Reyyan:Sana çekmişim Zehra sultan.Hazır mı kahvaltı.
Zehra:Hazır kızım hadi.
Reyyan:Tamam anne.
Annemle birlikte mutfağa gittik.Herkes masaya oturmuştu.
Reyyan:Günaydın herkese.
Herkes tek tek günaydın diyip yemeğine başladı.Yaren'in yanına yerleşip yemeğimi yemeye koyuldum. Yaren kulağıma eğilip "Ne güzel olmuşsun kız"diye fısıldadı.Teşekkür edip hızlıca yemeğimi yedim.
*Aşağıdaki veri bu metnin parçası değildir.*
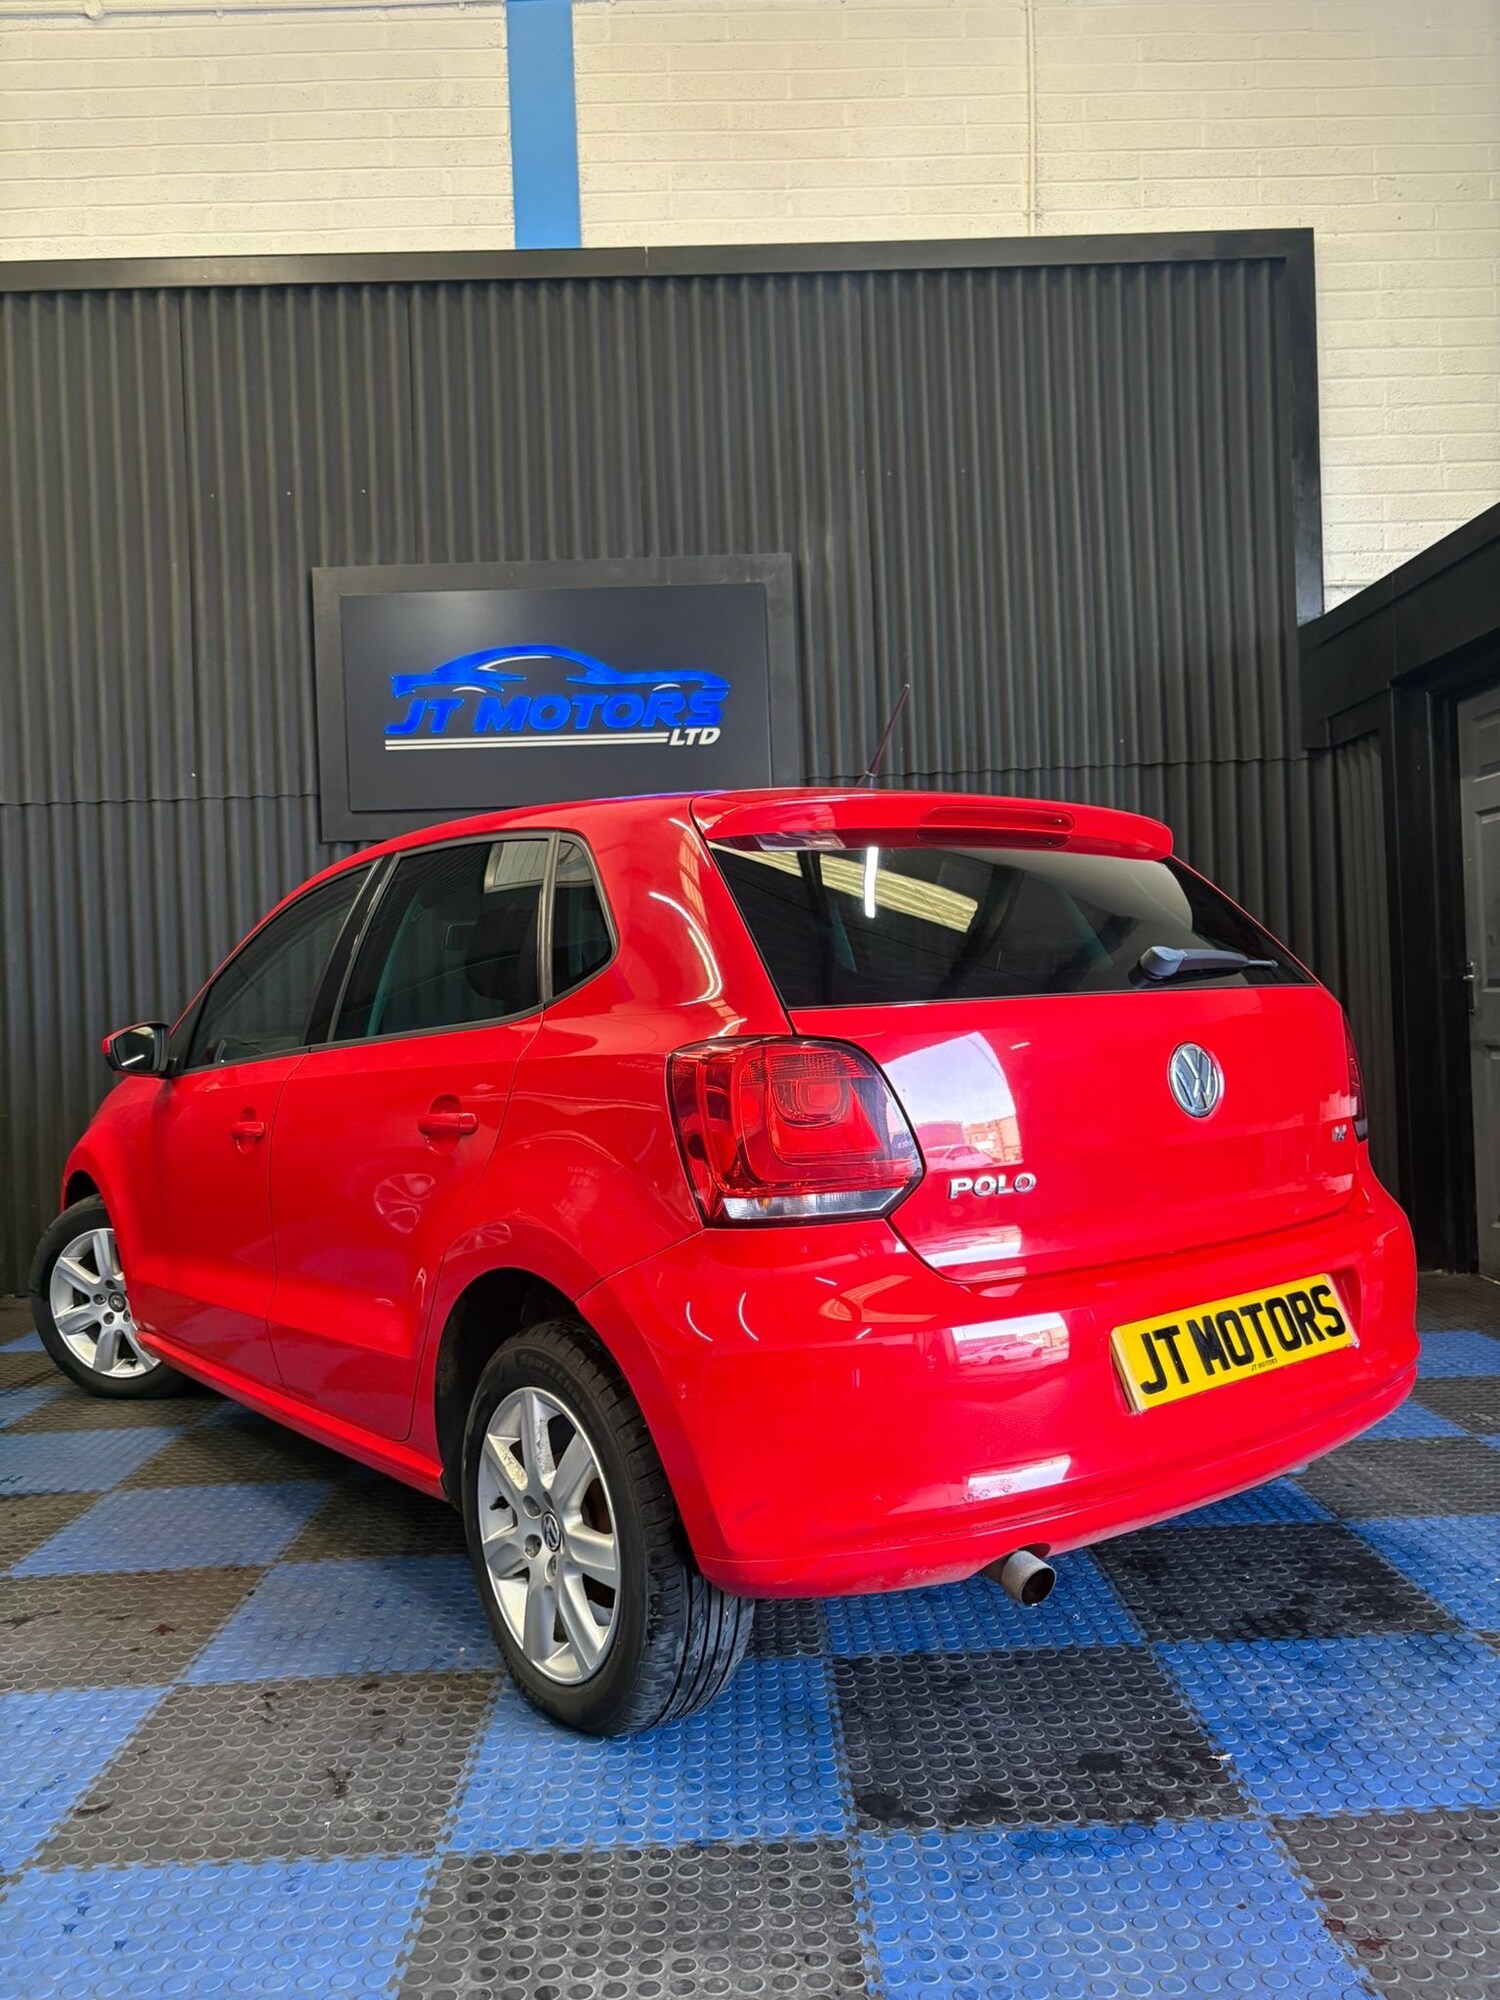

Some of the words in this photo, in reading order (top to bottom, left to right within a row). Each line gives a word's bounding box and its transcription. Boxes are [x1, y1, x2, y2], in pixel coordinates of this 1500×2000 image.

[384, 697, 464, 735] JT
[473, 691, 729, 732] MOTORS
[668, 727, 721, 747] LTD
[948, 1172, 1037, 1200] POLO
[1140, 1324, 1190, 1395] JT
[1186, 1284, 1347, 1376] MOTORS
Masadakilerin çoğu salona geçmişti.
Azat:Reyyan yediysek çıkalım mı?Ortaklar bizim şirkete gelcek ev sahibi olarak önce gidelim.
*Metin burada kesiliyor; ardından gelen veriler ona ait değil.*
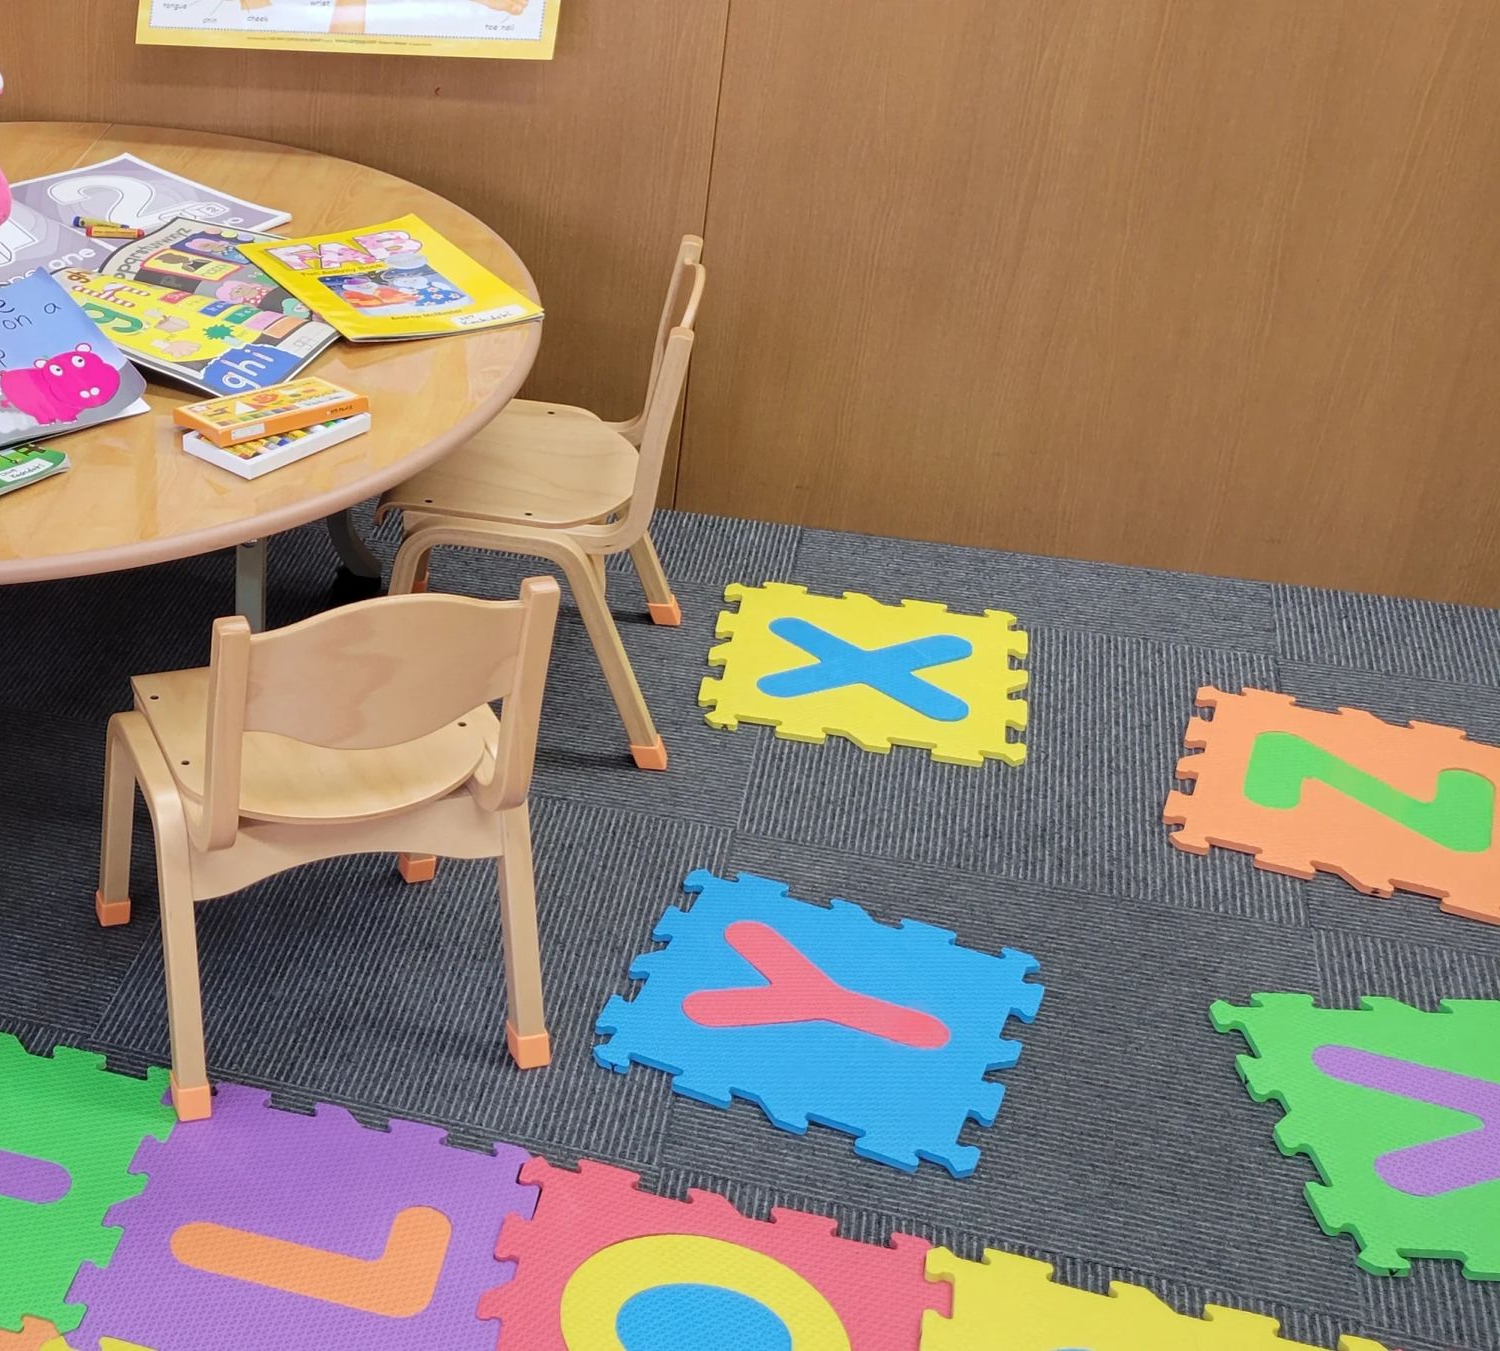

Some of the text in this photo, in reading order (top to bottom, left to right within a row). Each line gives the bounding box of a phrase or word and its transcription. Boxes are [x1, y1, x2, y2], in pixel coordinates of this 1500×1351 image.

[49, 247, 96, 271] one
[265, 230, 423, 271] FAB
[2, 313, 32, 331] on
[43, 302, 61, 316] a
[221, 348, 276, 391] ghi
[756, 617, 976, 722] X
[682, 920, 953, 1053] Y
[170, 1206, 452, 1320] L
Reyyan:Tamam Azat.Babam gitmeden yanıma uğra dedi.Sen geç arabaya geliyorum hemen.
Azat:Tamam.
Hızlıca salona gidip babamın yanına vardım.
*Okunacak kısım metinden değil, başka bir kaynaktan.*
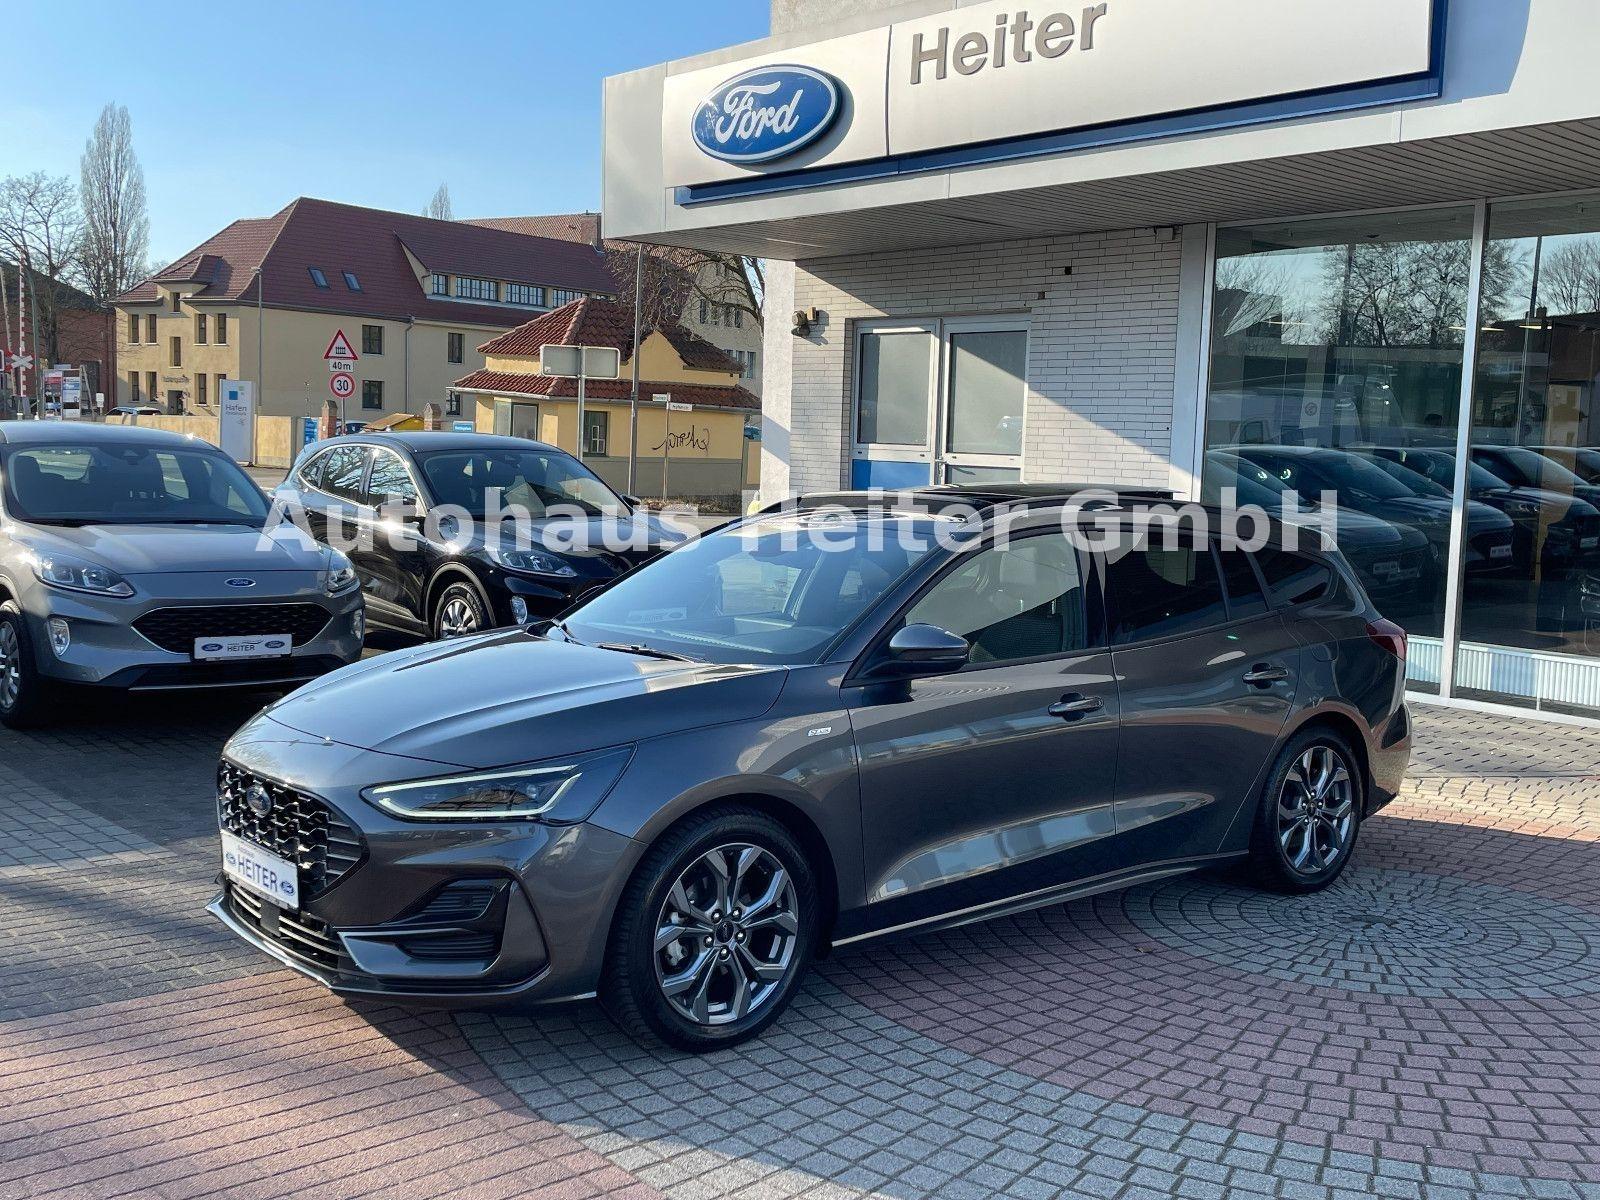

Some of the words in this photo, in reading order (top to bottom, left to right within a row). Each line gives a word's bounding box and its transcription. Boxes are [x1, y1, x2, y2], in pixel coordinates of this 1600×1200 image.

[910, 3, 1107, 85] Heiter
[716, 80, 802, 144] Ford
[336, 379, 349, 391] 30
[225, 403, 247, 411] Hafen
[227, 644, 255, 652] HEITER
[238, 853, 278, 892] HEITER
Reyyan:Baba yanıma uğra demiştin.
Hazar:Evet kızım.
Babam cebinden siyah bir kutu çıkarıp bana uzattı.İçini açtığımda üzerinde Reyyan ŞADOĞLU yazan zarif bir kalem vardı.
Reyyan:Babacığım çok teşekkür ederim.
Hazar:İlk imzanı bununla at tamam mı kızım.
Reyyan:İlk değil tüm imzalarımı bununla atıcam baba.
Salondakilerle vedalaşıp odama çantamı ve paltomu almaya gittim.Azat'ın doğum günümde aldığı ucunda kelebek olan kolyeyi boynuma,babamın hediyesini de çantama koyup hızlı adımlarla avluya indim.Annem,yengem ve Yaren kapının önünde bekliyorlardı.Yanlarına gidip teker teker yanaklarından öptüm.
Reyyan:Ben kaçar.
Zehra:Görüşürüz annem.
Handan:Hayırlı gidin hayırlı gelin yavrum.
Yaren:Dikkat et kendine.
Hepsine sarılıp arabaya bindim. Kemerimi taktım.Azat arabayı çalıştırdı. Şirkete doğru yola koyulduk.İçimde büyük bir heyecan vardı.
Azat:Noldu amcam birşey mi söyledi.
Reyyan:Yok be Azat.Kalem hediye etti.
Çantamdan kalemi çıkarıp Azat'a gösterdim.
Azat:Hayırlı olsun.Bana da almıştı amcam.Şirkette duruyo.Bakıyorum da kolyeyi takmayı ihmal etmemişsin.
Reyyan:Hiç ihmal eder miyim yakışıklım.Uğur getirecek bana.
Azat tebessüm ederek şirketin otoparkına arabayı park etti.